At NC State, Dr. Colleen Doherty of the Department of Molecular and Structural Biochemistry, studies how plants respond at the molecular level to different stressors, including temperature changes, over the course of a day – in other words, does the plant respond differently at, say, midnight than it does at 2 p.m.? Does the temperature change interfere with the plant’s 24-hour cycles known as circadian rhythm? Knowing that would be key to develop solutions – ways of manipulating plants through biotechnology or breeding to respond in ways that enhance, rather than diminish, yields.
She is conducting her research in collaboration with field researchers, as well as experts in creating images that capture the entire physical, biochemical and physiologic makeup, or phenotype, of an organism. Meanwhile, she’s part of a larger project looking at making hops – the flowers that are used as a flavoring and stability agent in brewing beer – more suited to grow in North Carolina. While others at the Plants for Human Health Institute in Kannapolis plan to examine the metabolites in hops to maximize their health benefits, she is considering whether there is a best time of day to harvest them.
Soil-borne friends and foes
“Today, there are more tools that we can use to answer biological and agricultural questions. But we need more cross talk among the disciplines, between the biologists and the mathematicians; the population geneticists and the Extension specialists. The Plant Sciences Initiative’s goal is to encourage that kind of cross talk – to stimulate more interdisciplinary conversations that move the work forward toward application.” – Dr. Ignazio Carbone
Problem: Right beneath our feet is what some scientists call the next frontier: our soils and the beneficial soil microbes on which plants depend – but also the microbes that destroy billions of dollars’ worth of crops each year.
Solution: The world of soil microorganisms – bacteria, fungi and other tiny beings – is largely unexplored, and NC State’s Center for Integrated Fungal Research (www.cifr.ncsu.edu) is hard at work figuring out how to achieve their potential to help stop crop loss and increase yields.
The center focuses on modeling, predicting and managing how changes in the environment – for example, droughts, diseases or pesticides – affect microbes and microbial processes ranging from sub-cellular to ecosystem levels.
The center is a collaborative effort of scientists representing both CALS and the College of Sciences at NC State.
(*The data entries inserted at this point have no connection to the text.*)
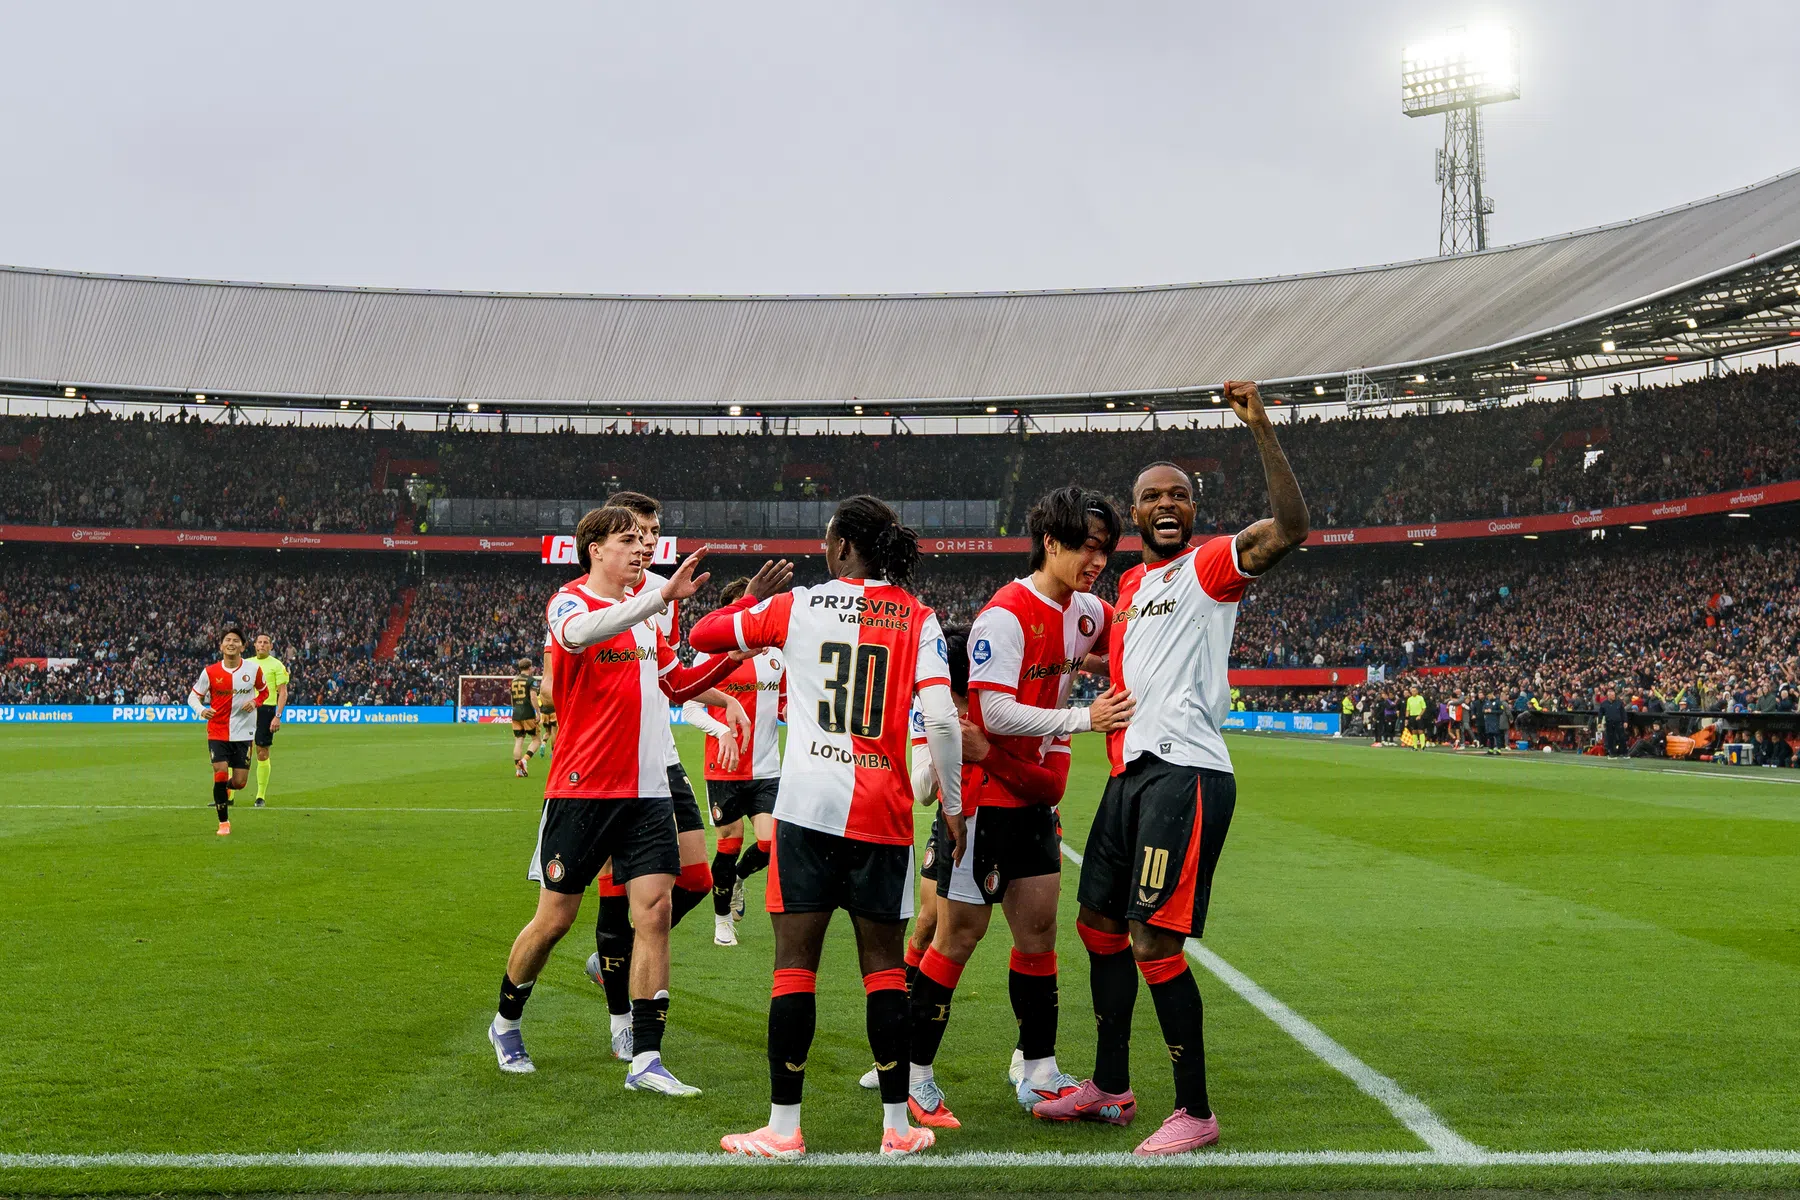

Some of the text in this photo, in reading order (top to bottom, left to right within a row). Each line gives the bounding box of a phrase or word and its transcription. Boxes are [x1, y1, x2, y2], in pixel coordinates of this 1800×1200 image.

[1572, 514, 1604, 525] Quooker
[1406, 525, 1437, 538] univé
[1488, 521, 1522, 532] Quooker
[1323, 530, 1354, 542] univé
[935, 540, 985, 550] ORMER
[838, 613, 908, 632] vakanties
[593, 648, 635, 665] Media
[511, 680, 527, 699] 55
[724, 683, 755, 693] Media
[816, 640, 890, 740] 30
[18, 710, 73, 721] vakanties
[364, 711, 419, 723] vakanties
[810, 740, 892, 771] LOTOMBA
[1140, 846, 1169, 889] 10
They come from fields as diverse as plant pathology, microbiology, mathematics and modeling. They work to gain a better understanding of what microbes are out there, how they interact with each other and plants, and how those interactions affect their behavior and genetics. At the same time, the scientists are developing and applying computational, genomic and experimental tools to make the research faster and deeper.
The scientists also are especially interested in ensuring that what they learn in the lab can be translated into farming practice – and thereby create more food, more jobs and more income. For example, they are interested in finding naturally occurring microbes that might be added to soils to act as pesticides. They want those biological pesticides to be both economically viable and environmentally sustainable.
“That translation is an integral part of this, because at the end of the day, our goal is to address the grand challenges of agriculture,” Carbone says. “We want to leverage new technologies – things like precision agriculture, deep sequencing and modeling complexity within ecosystems – to make huge leaps, not baby steps, that lead us to better agricultural management.”